▶ **SUPPLIED MATERIAL**:
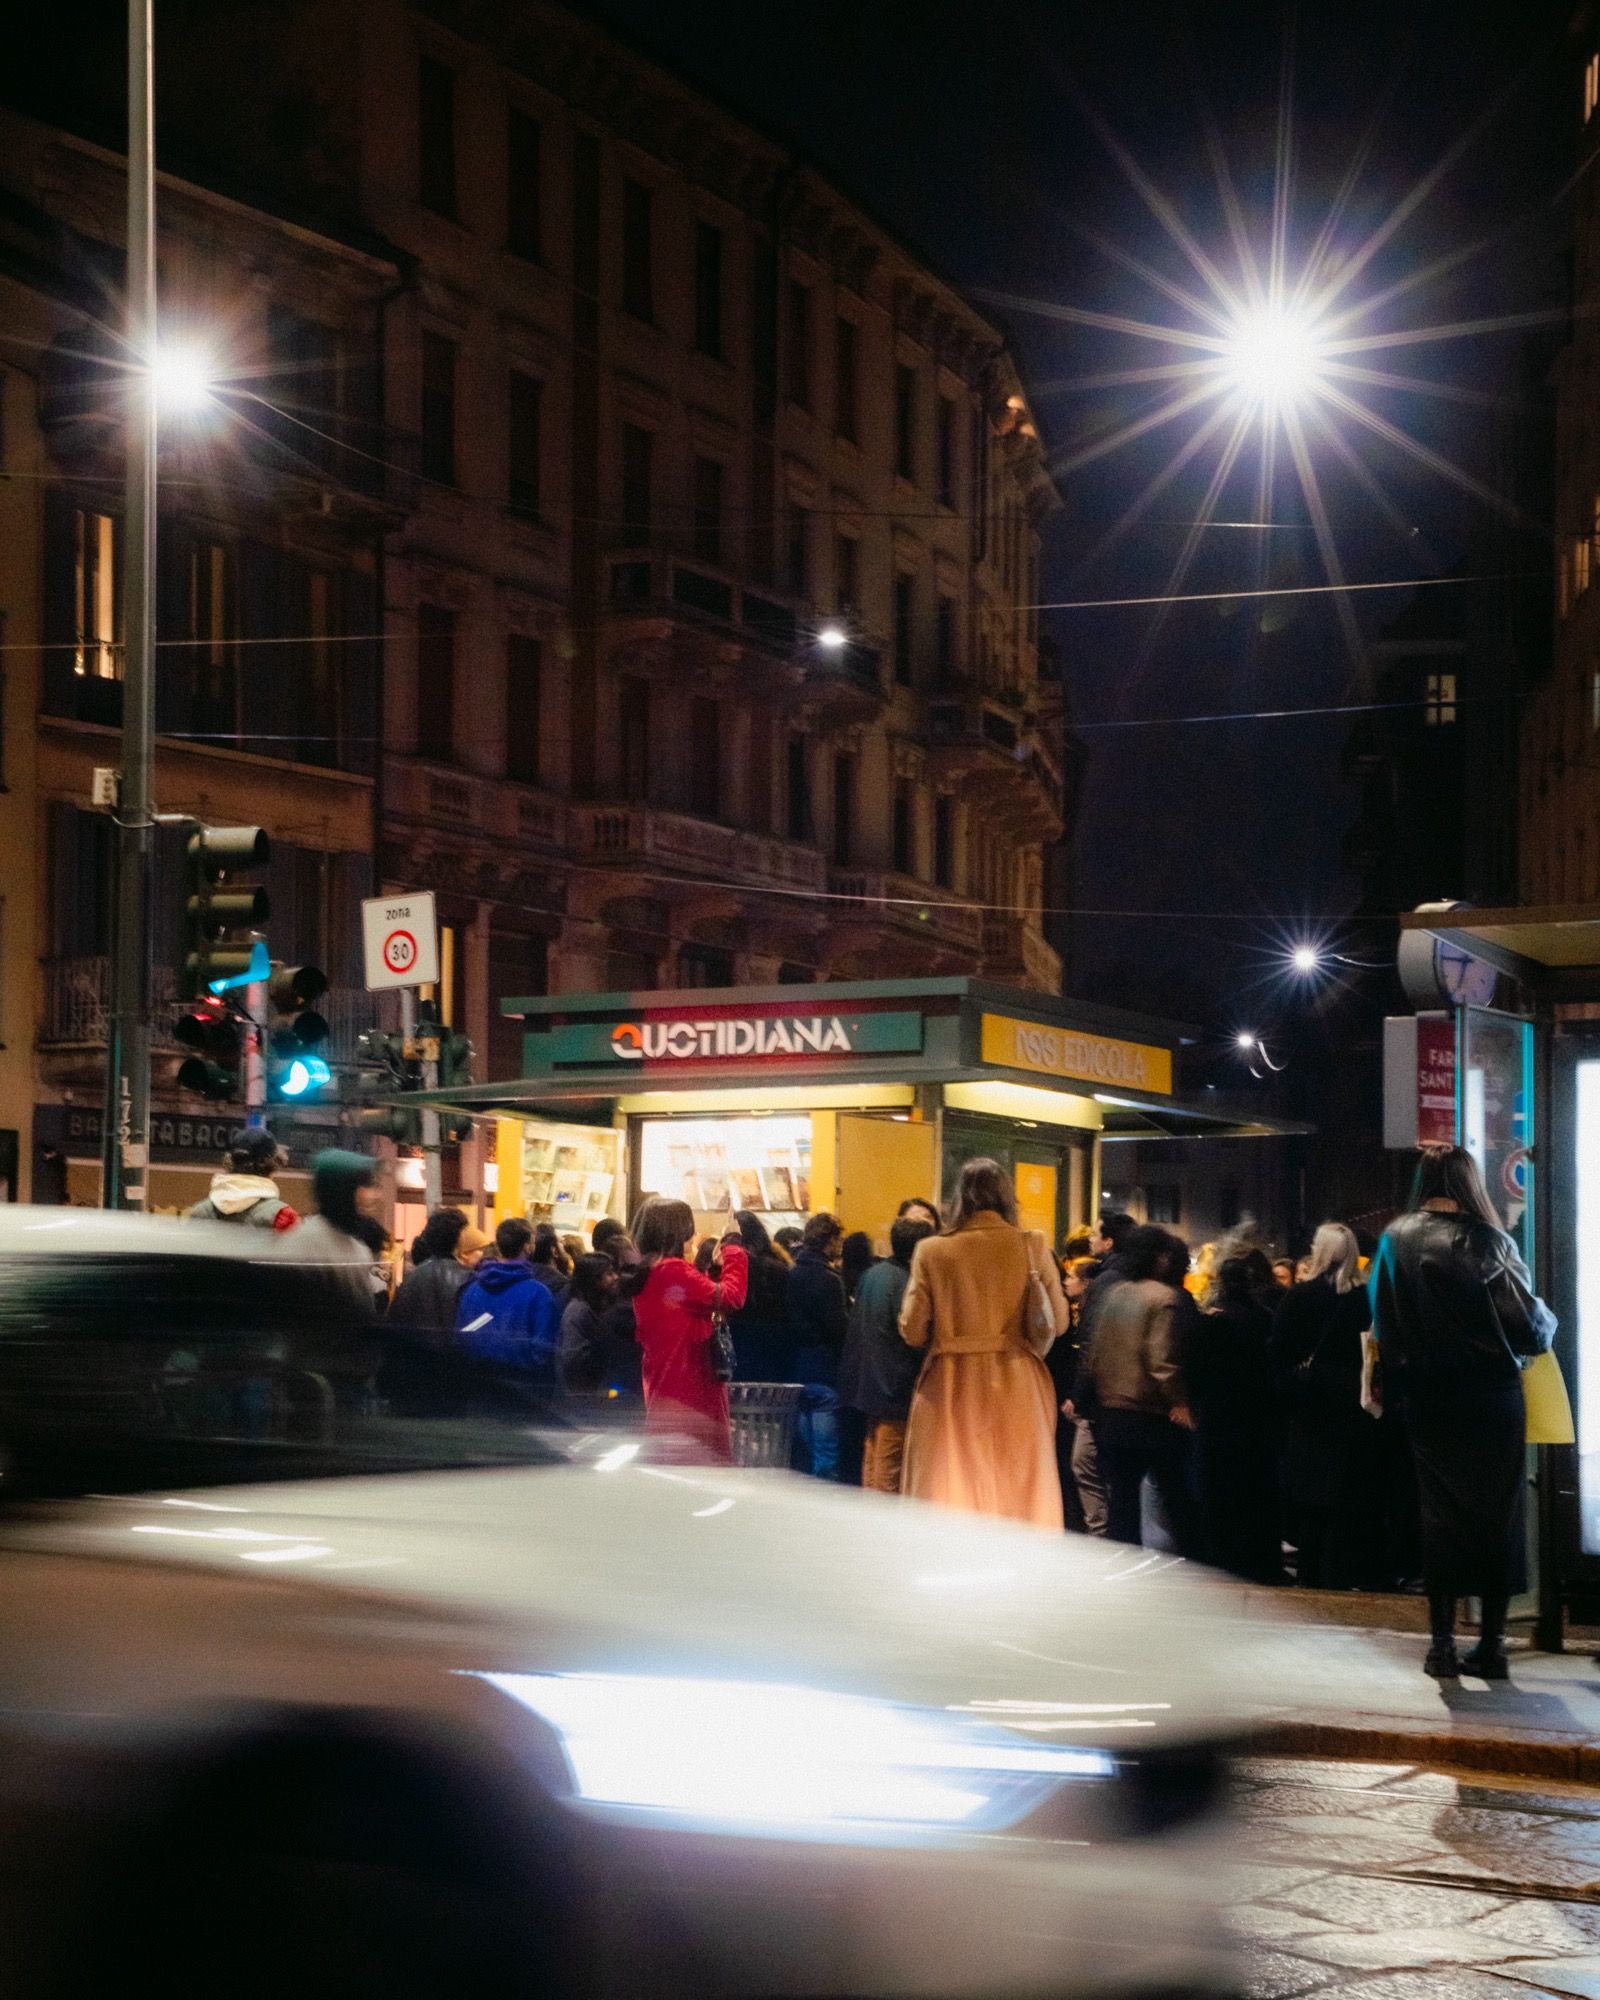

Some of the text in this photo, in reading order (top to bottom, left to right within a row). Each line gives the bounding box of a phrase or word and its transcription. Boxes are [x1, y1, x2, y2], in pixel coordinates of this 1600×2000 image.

[385, 907, 411, 920] zona
[392, 943, 410, 961] 30
[610, 1016, 853, 1059] QUOTIDIANA
[1063, 1037, 1147, 1085] EDICOLA
[1429, 1048, 1455, 1067] FAR
[1418, 1071, 1455, 1089] SANT
[69, 1112, 100, 1137] BA
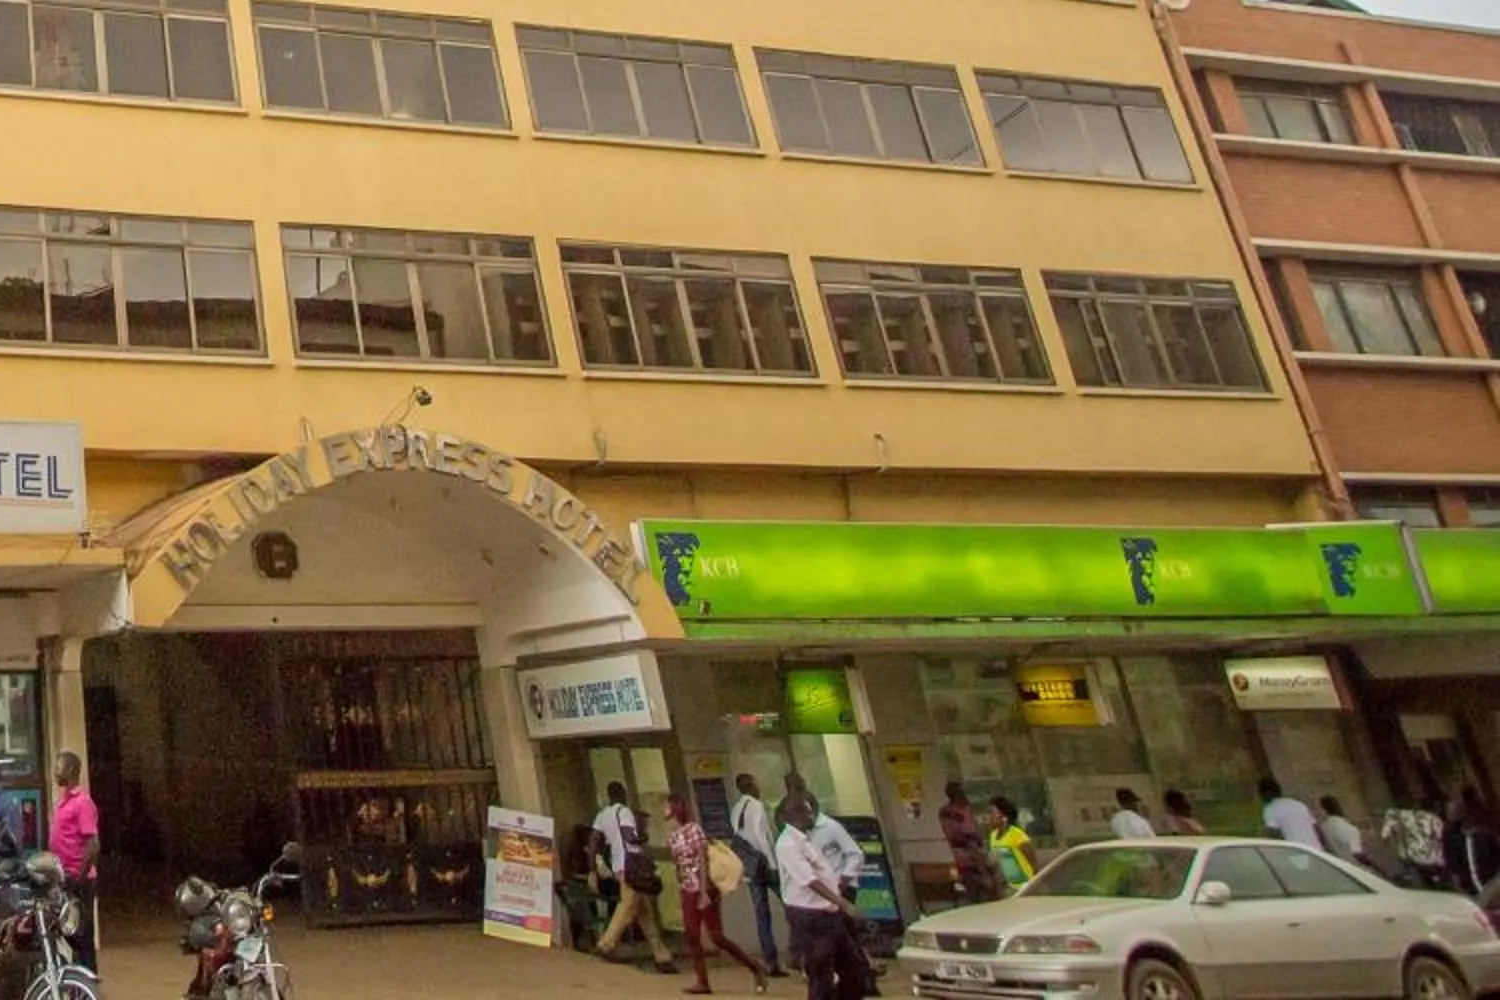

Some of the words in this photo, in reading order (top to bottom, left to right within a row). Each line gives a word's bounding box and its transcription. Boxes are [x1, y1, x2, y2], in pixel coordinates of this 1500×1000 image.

[160, 446, 313, 592] HOLIDAY
[322, 423, 515, 495] EXPRESS
[522, 473, 640, 606] HOTEL
[700, 554, 740, 579] KCB
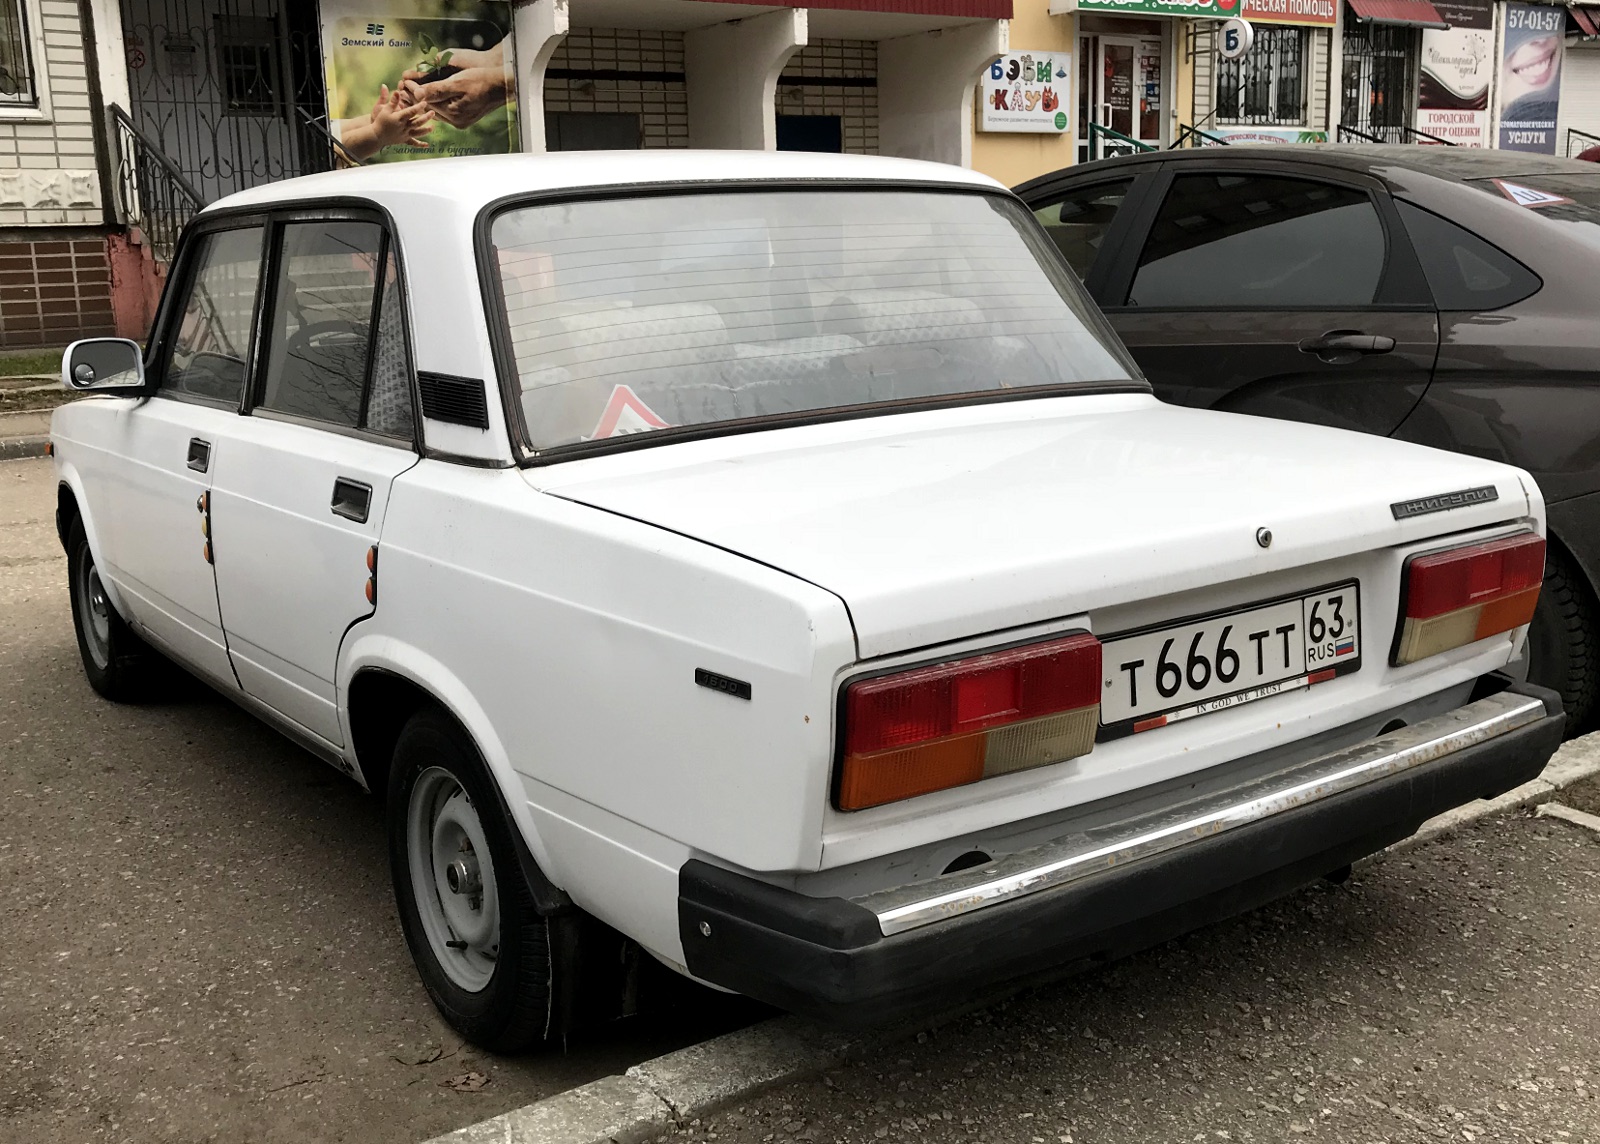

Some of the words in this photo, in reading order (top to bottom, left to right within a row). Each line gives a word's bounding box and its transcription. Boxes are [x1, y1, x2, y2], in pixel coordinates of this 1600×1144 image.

[1290, 0, 1334, 19] ПОМОЩЬ
[1509, 9, 1560, 31] 57-01-57
[341, 37, 384, 47] Земский
[389, 38, 411, 47] банк
[1226, 28, 1239, 51] Б
[991, 58, 1052, 84] БЭБИ
[990, 84, 1059, 112] КЛУБ
[1429, 112, 1475, 124] ГОРОДСКОЙ
[1421, 126, 1447, 136] ЦЕНТР
[1449, 127, 1481, 137] ОЦЕНКИ
[1508, 131, 1546, 144] УСЛУГИ
[1406, 489, 1489, 513] ЖИГУЛИ
[1309, 595, 1345, 643] 63
[1308, 643, 1335, 663] RUS
[1196, 704, 1207, 714] IN
[1211, 697, 1232, 710] GOD
[1236, 692, 1251, 702] WE
[1255, 684, 1283, 698] TRUST
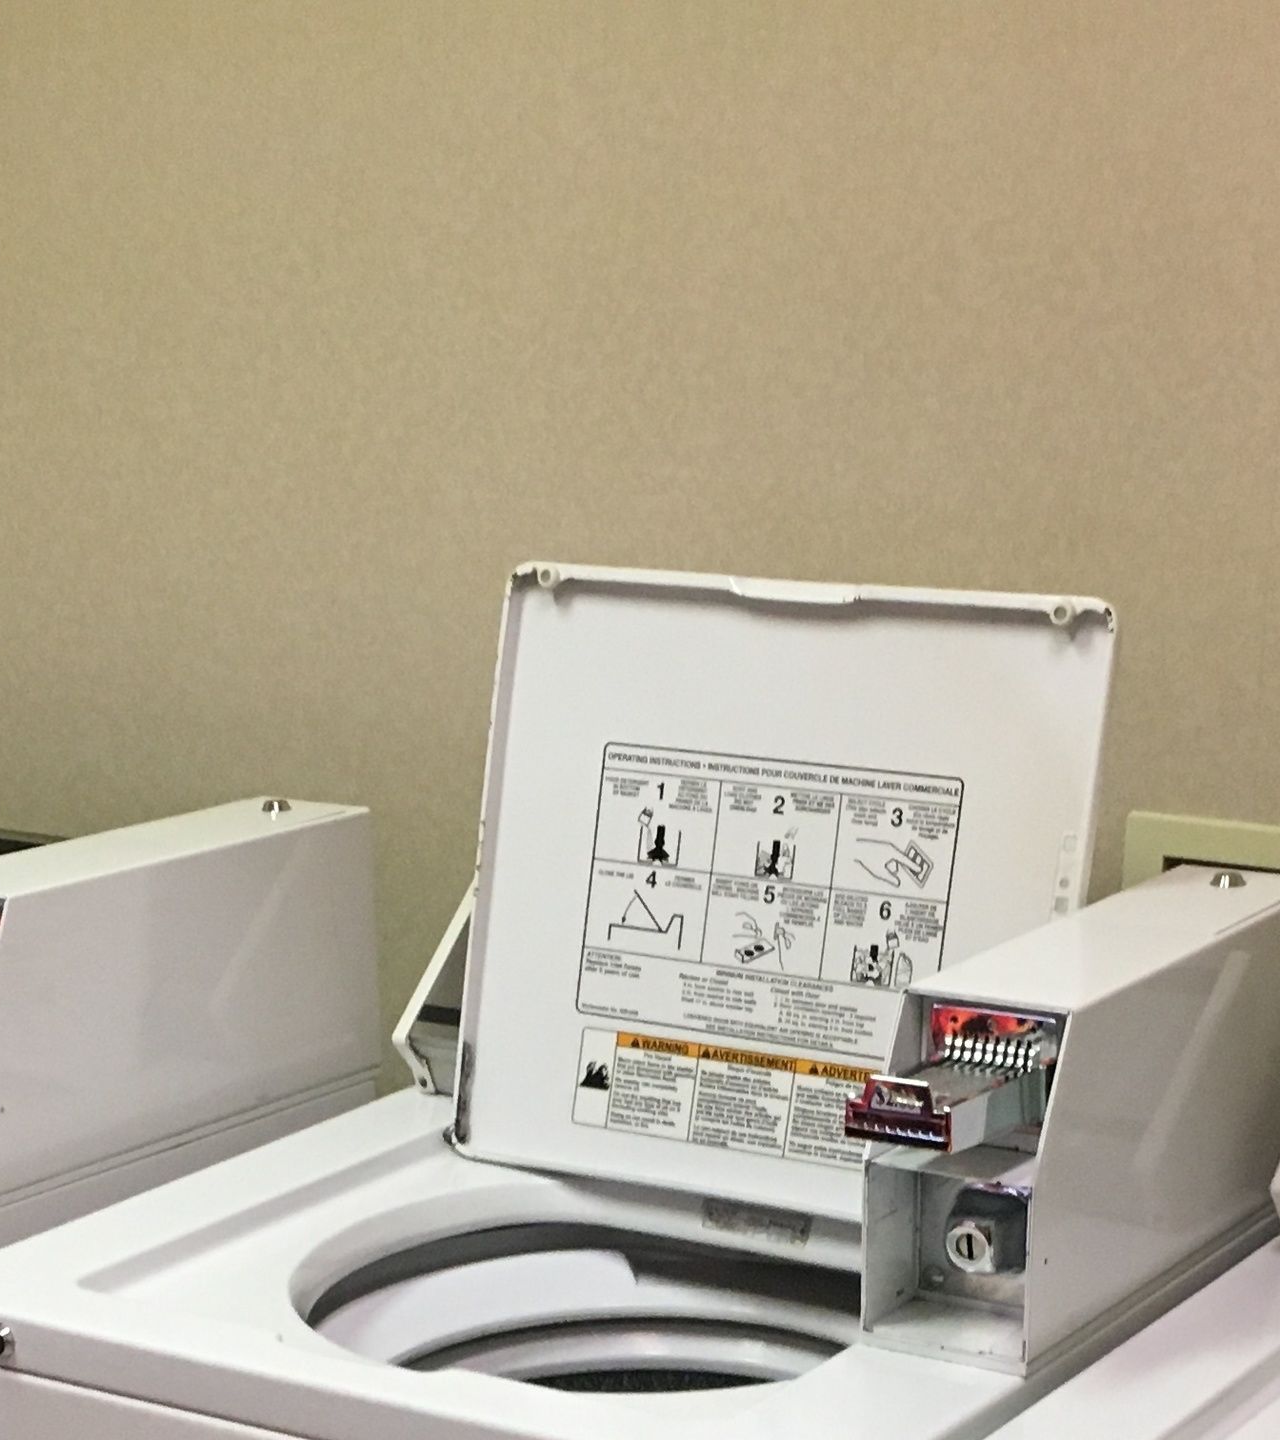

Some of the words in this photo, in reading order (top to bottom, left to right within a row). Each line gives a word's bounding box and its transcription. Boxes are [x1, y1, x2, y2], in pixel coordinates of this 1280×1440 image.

▶ **PROBLEM DESCRIPTION**: Pictures in the entries are to be skipped, and everything else repeated word for word.

▶ **EXPECTED ANSWER**:
Some of the text in this photo, in reading order (top to bottom, left to right within a row). Each line gives the bounding box of a phrase or word and its transcription. Boxes are [x1, y1, x2, y2], in pixel coordinates of this 1600×2000 image.

[385, 907, 411, 920] zona
[392, 943, 410, 961] 30
[610, 1016, 853, 1059] QUOTIDIANA
[1063, 1037, 1147, 1085] EDICOLA
[1429, 1048, 1455, 1067] FAR
[1418, 1071, 1455, 1089] SANT
[69, 1112, 100, 1137] BA

Some of the words in this photo, in reading order (top to bottom, left to right within a row). Each line gives a word's bounding box and its transcription. Boxes are [x1, y1, x2, y2], in pixel coordinates of this 1500×1000 image.

[160, 446, 313, 592] HOLIDAY
[322, 423, 515, 495] EXPRESS
[522, 473, 640, 606] HOTEL
[700, 554, 740, 579] KCB

Some of the words in this photo, in reading order (top to bottom, left to right within a row). Each line gives a word's bounding box and its transcription. Boxes are [x1, y1, x2, y2], in pixel coordinates of this 1600×1144 image.

[1290, 0, 1334, 19] ПОМОЩЬ
[1509, 9, 1560, 31] 57-01-57
[341, 37, 384, 47] Земский
[389, 38, 411, 47] банк
[1226, 28, 1239, 51] Б
[991, 58, 1052, 84] БЭБИ
[990, 84, 1059, 112] КЛУБ
[1429, 112, 1475, 124] ГОРОДСКОЙ
[1421, 126, 1447, 136] ЦЕНТР
[1449, 127, 1481, 137] ОЦЕНКИ
[1508, 131, 1546, 144] УСЛУГИ
[1406, 489, 1489, 513] ЖИГУЛИ
[1309, 595, 1345, 643] 63
[1308, 643, 1335, 663] RUS
[1196, 704, 1207, 714] IN
[1211, 697, 1232, 710] GOD
[1236, 692, 1251, 702] WE
[1255, 684, 1283, 698] TRUST

Some of the words in this photo, in reading order (top to bottom, left to right within a row). Each line gives a word's bounding box and its transcription. Boxes are [x1, y1, x2, y2], in pixel coordinates of this 1280×1440 image.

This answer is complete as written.